TASK DIRECTIONS:
Each entry below must be repeated exactly, with pictures left out.

DATA PROVIDED:

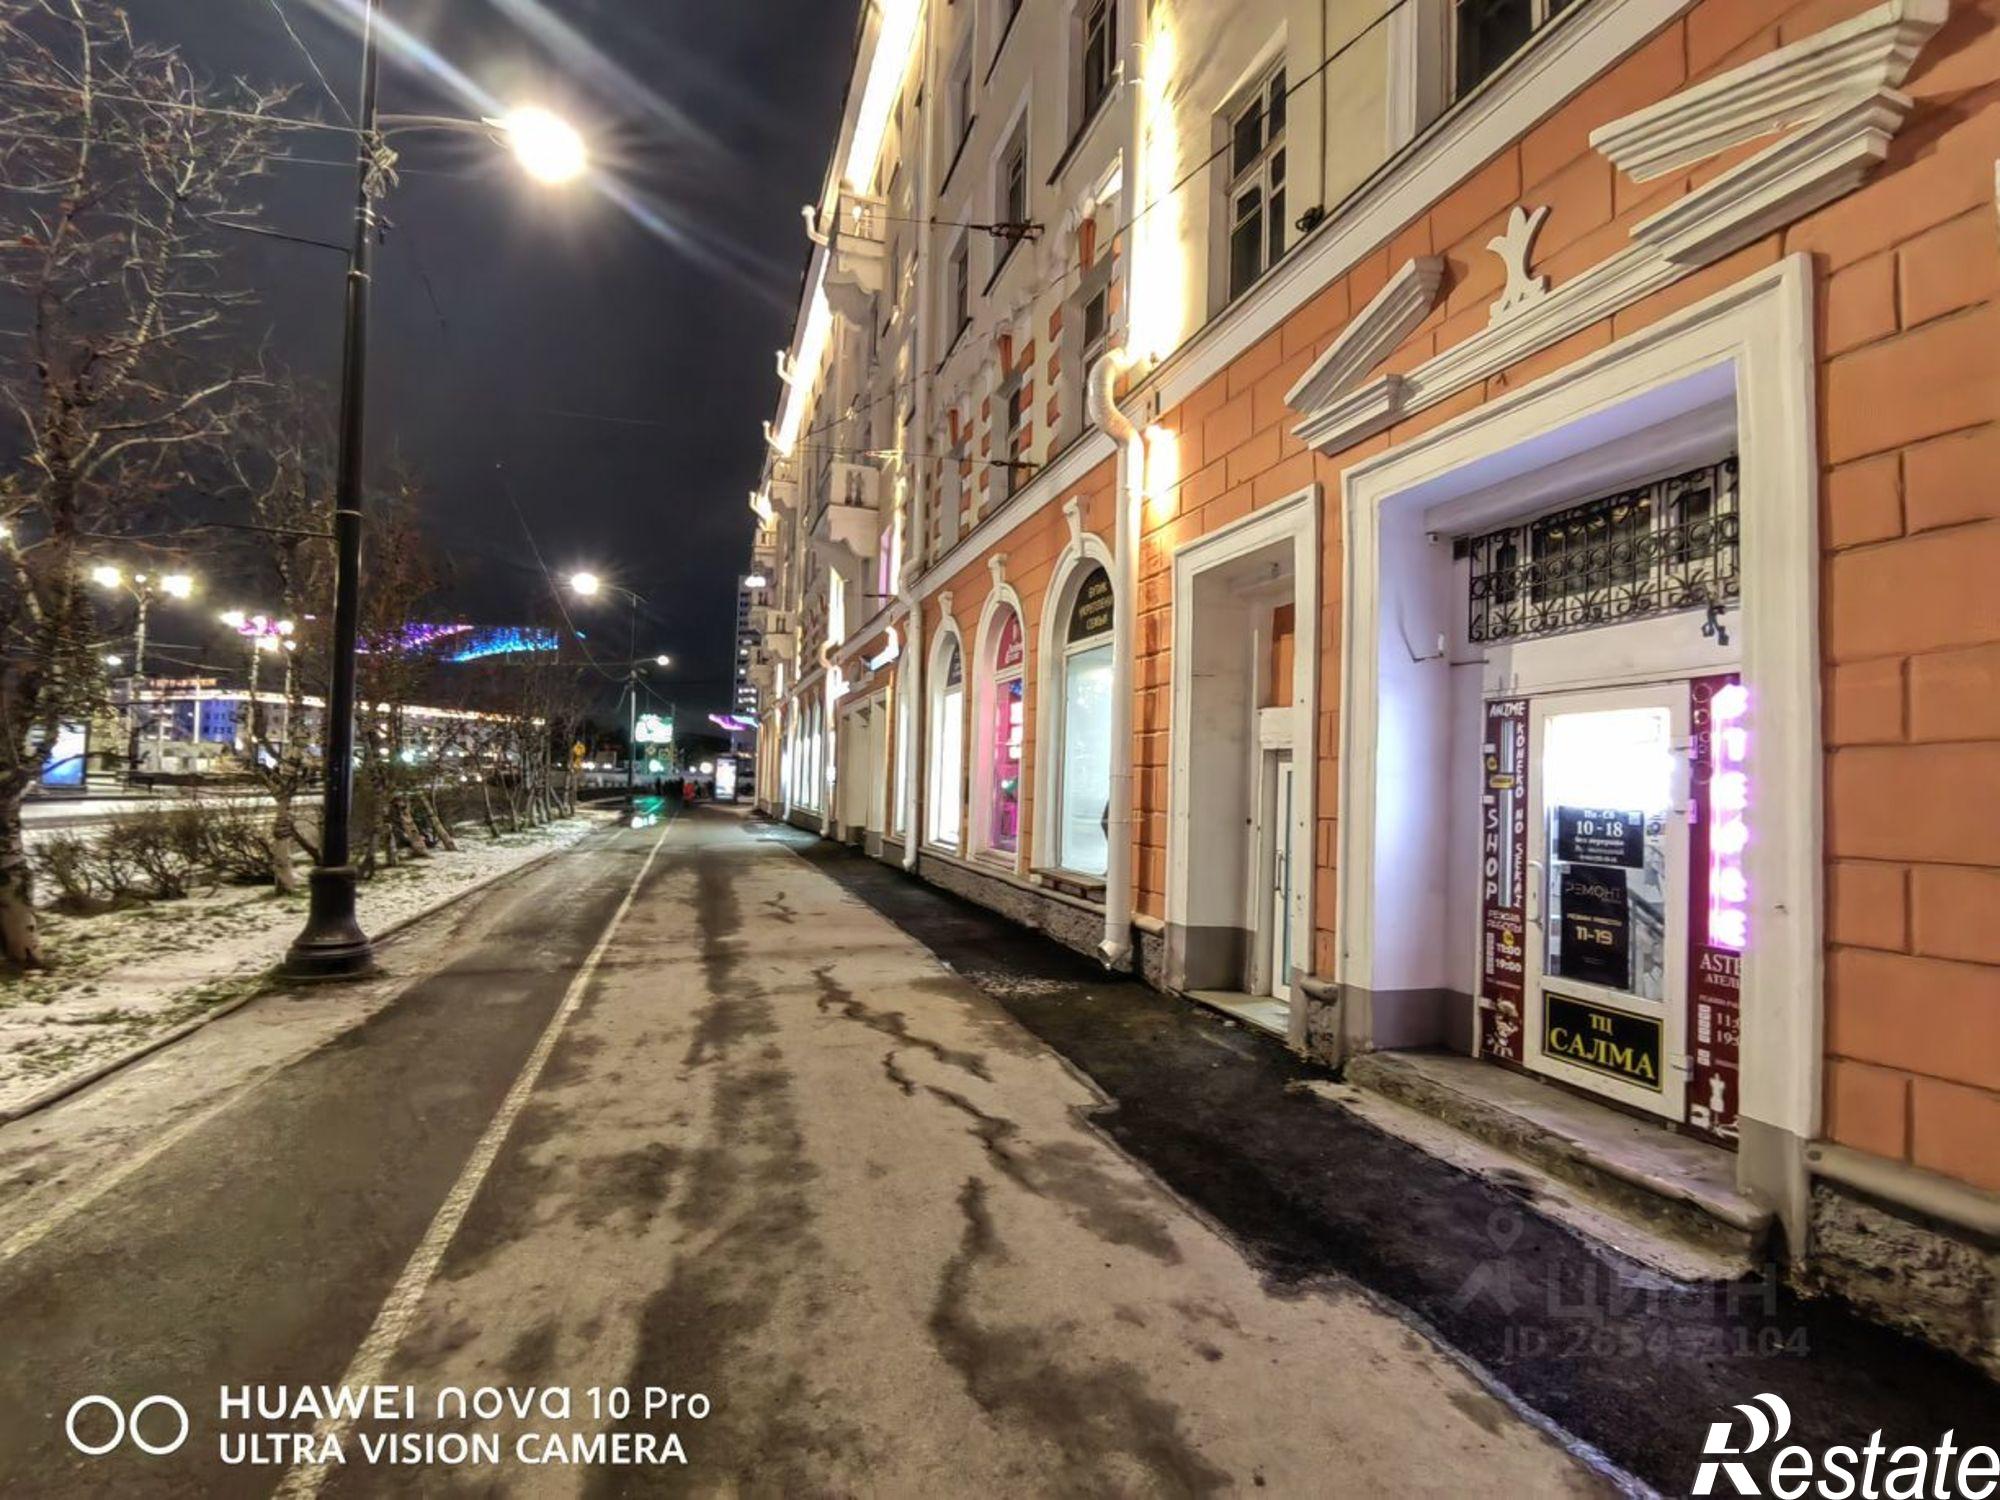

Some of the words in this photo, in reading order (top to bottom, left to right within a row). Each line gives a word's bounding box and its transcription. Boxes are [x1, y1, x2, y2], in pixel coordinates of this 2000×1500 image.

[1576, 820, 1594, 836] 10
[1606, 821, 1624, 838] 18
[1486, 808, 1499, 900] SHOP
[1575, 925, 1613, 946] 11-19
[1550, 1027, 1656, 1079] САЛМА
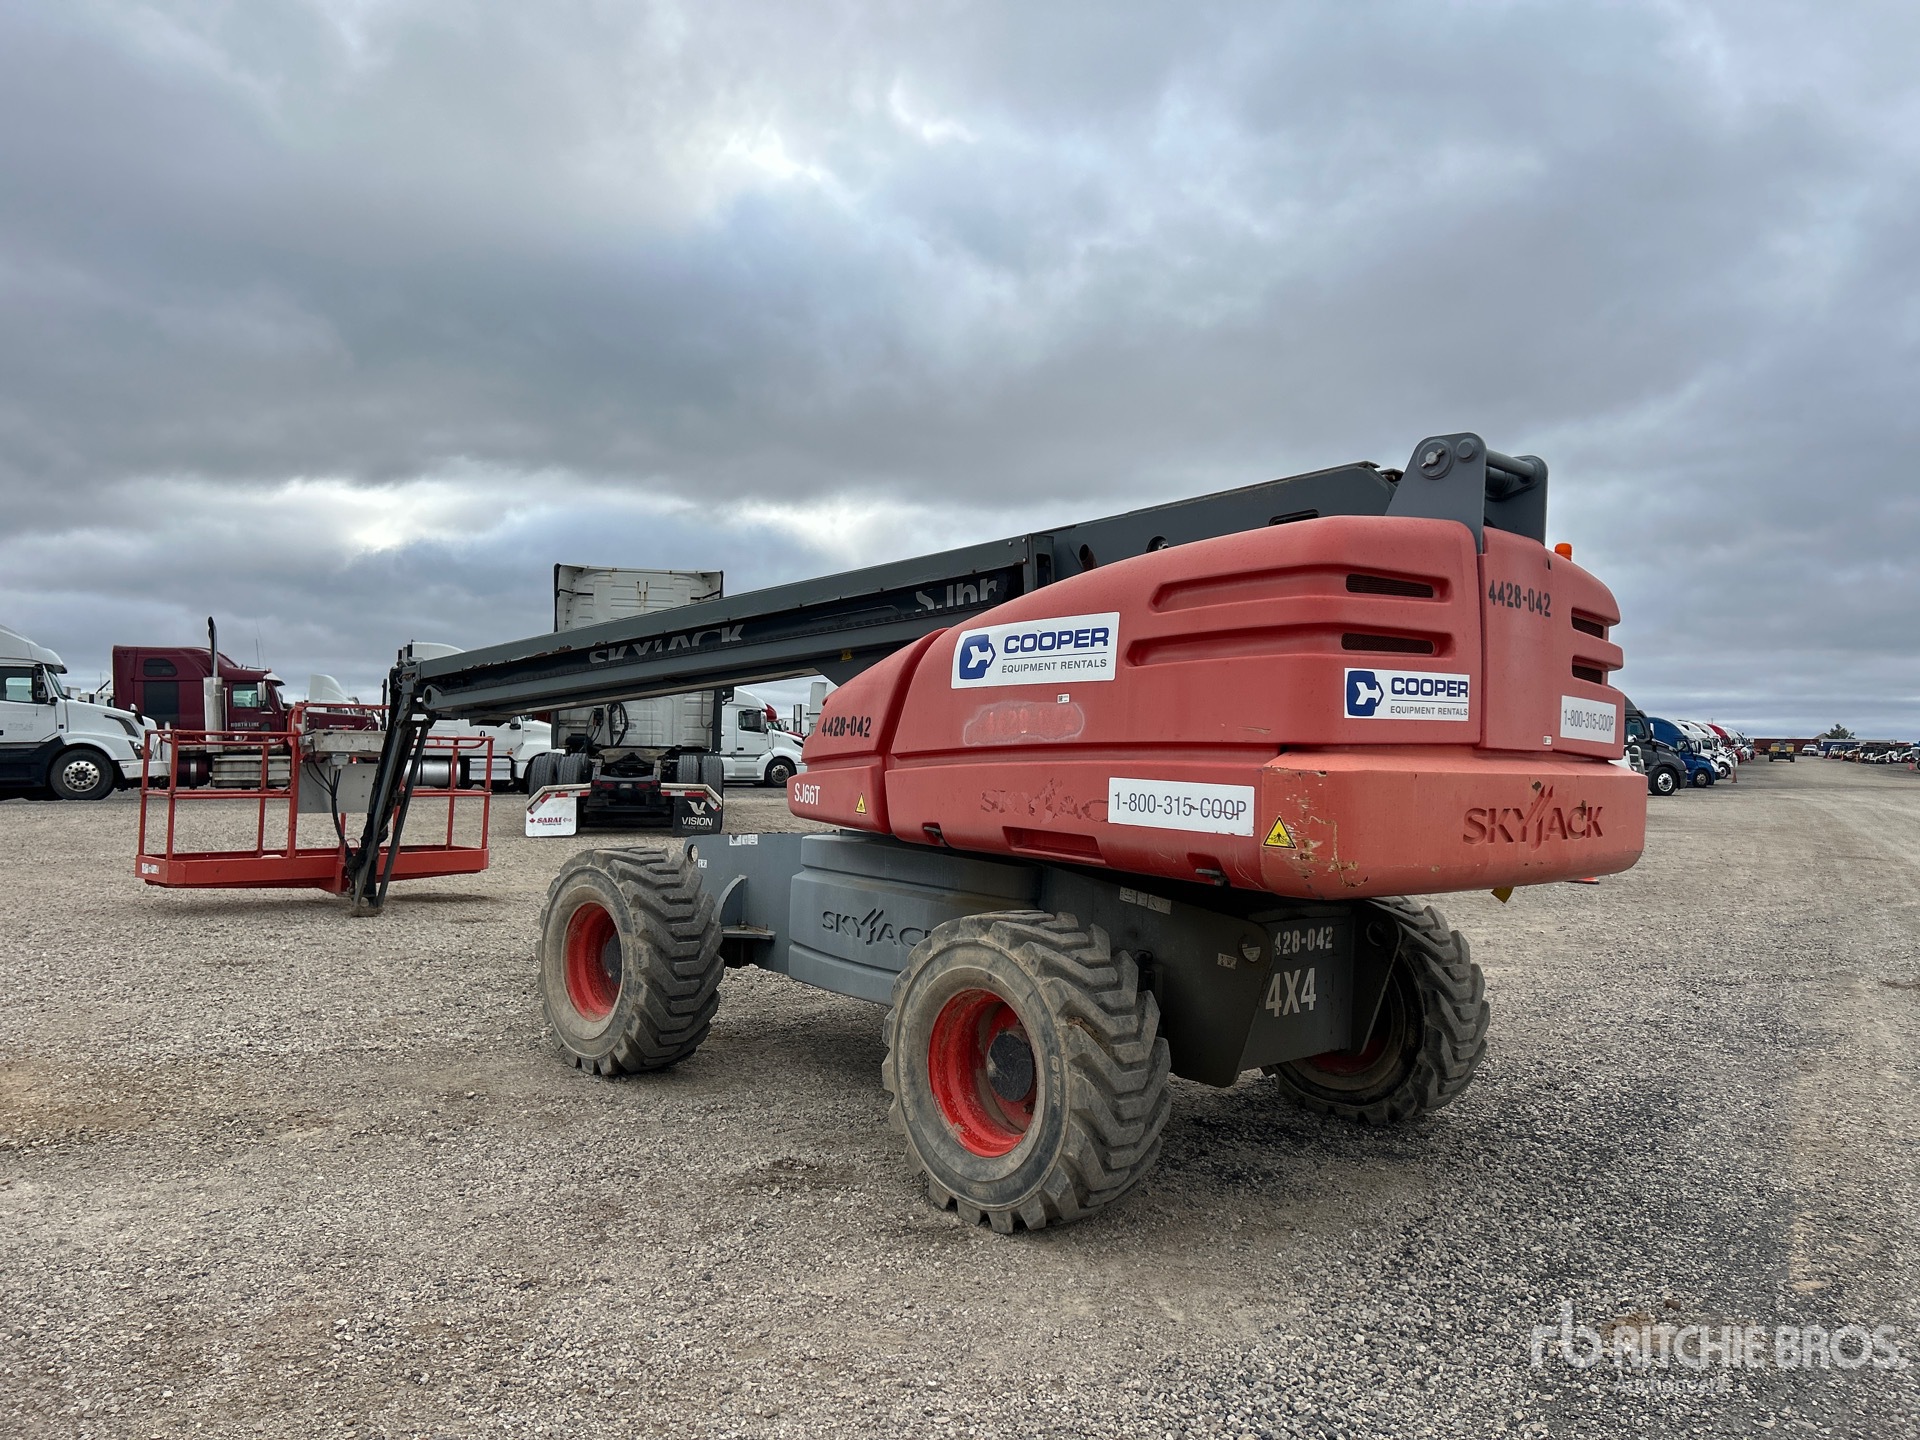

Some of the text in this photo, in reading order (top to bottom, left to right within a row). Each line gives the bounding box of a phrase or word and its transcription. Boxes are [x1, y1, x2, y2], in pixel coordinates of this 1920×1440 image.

OUTPUT OF THE TASK:
Some of the words in this photo, in reading order (top to bottom, left to right within a row). Each line gives a word's bounding box and its transcription. Boxes are [x1, y1, x2, y2], in pixel coordinates of this 2000×1500 image.

[1576, 820, 1594, 836] 10
[1606, 821, 1624, 838] 18
[1486, 808, 1499, 900] SHOP
[1575, 925, 1613, 946] 11-19
[1550, 1027, 1656, 1079] САЛМА

Some of the text in this photo, in reading order (top to bottom, left to right within a row). Each line gives the bounding box of a phrase or word and its transcription. Boxes are [x1, y1, x2, y2], in pixel coordinates of this 1920×1440 image.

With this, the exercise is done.